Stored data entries
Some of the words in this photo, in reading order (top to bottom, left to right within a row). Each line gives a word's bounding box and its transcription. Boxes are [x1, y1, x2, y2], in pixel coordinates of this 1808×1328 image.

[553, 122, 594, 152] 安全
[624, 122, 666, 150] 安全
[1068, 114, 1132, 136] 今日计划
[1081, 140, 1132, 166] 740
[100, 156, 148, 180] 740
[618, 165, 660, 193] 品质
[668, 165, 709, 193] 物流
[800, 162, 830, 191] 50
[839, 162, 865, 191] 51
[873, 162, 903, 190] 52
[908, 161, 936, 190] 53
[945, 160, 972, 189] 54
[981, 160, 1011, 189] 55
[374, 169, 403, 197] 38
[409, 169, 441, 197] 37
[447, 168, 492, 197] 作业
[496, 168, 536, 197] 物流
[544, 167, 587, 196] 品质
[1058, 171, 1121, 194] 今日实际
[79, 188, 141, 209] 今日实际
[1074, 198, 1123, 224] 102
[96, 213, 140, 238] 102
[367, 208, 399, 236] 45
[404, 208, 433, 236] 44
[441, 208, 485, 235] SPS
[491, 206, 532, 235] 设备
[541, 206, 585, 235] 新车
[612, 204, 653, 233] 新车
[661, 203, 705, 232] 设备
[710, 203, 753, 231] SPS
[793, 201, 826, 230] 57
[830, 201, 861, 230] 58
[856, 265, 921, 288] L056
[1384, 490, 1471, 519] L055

Exercise directions: The data above needs to be retyped in full, exactly as given.

Response area:
Some of the words in this photo, in reading order (top to bottom, left to right within a row). Each line gives a word's bounding box and its transcription. Boxes are [x1, y1, x2, y2], in pixel coordinates of this 1808×1328 image.

[553, 122, 594, 152] 安全
[624, 122, 666, 150] 安全
[1068, 114, 1132, 136] 今日计划
[1081, 140, 1132, 166] 740
[100, 156, 148, 180] 740
[618, 165, 660, 193] 品质
[668, 165, 709, 193] 物流
[800, 162, 830, 191] 50
[839, 162, 865, 191] 51
[873, 162, 903, 190] 52
[908, 161, 936, 190] 53
[945, 160, 972, 189] 54
[981, 160, 1011, 189] 55
[374, 169, 403, 197] 38
[409, 169, 441, 197] 37
[447, 168, 492, 197] 作业
[496, 168, 536, 197] 物流
[544, 167, 587, 196] 品质
[1058, 171, 1121, 194] 今日实际
[79, 188, 141, 209] 今日实际
[1074, 198, 1123, 224] 102
[96, 213, 140, 238] 102
[367, 208, 399, 236] 45
[404, 208, 433, 236] 44
[441, 208, 485, 235] SPS
[491, 206, 532, 235] 设备
[541, 206, 585, 235] 新车
[612, 204, 653, 233] 新车
[661, 203, 705, 232] 设备
[710, 203, 753, 231] SPS
[793, 201, 826, 230] 57
[830, 201, 861, 230] 58
[856, 265, 921, 288] L056
[1384, 490, 1471, 519] L055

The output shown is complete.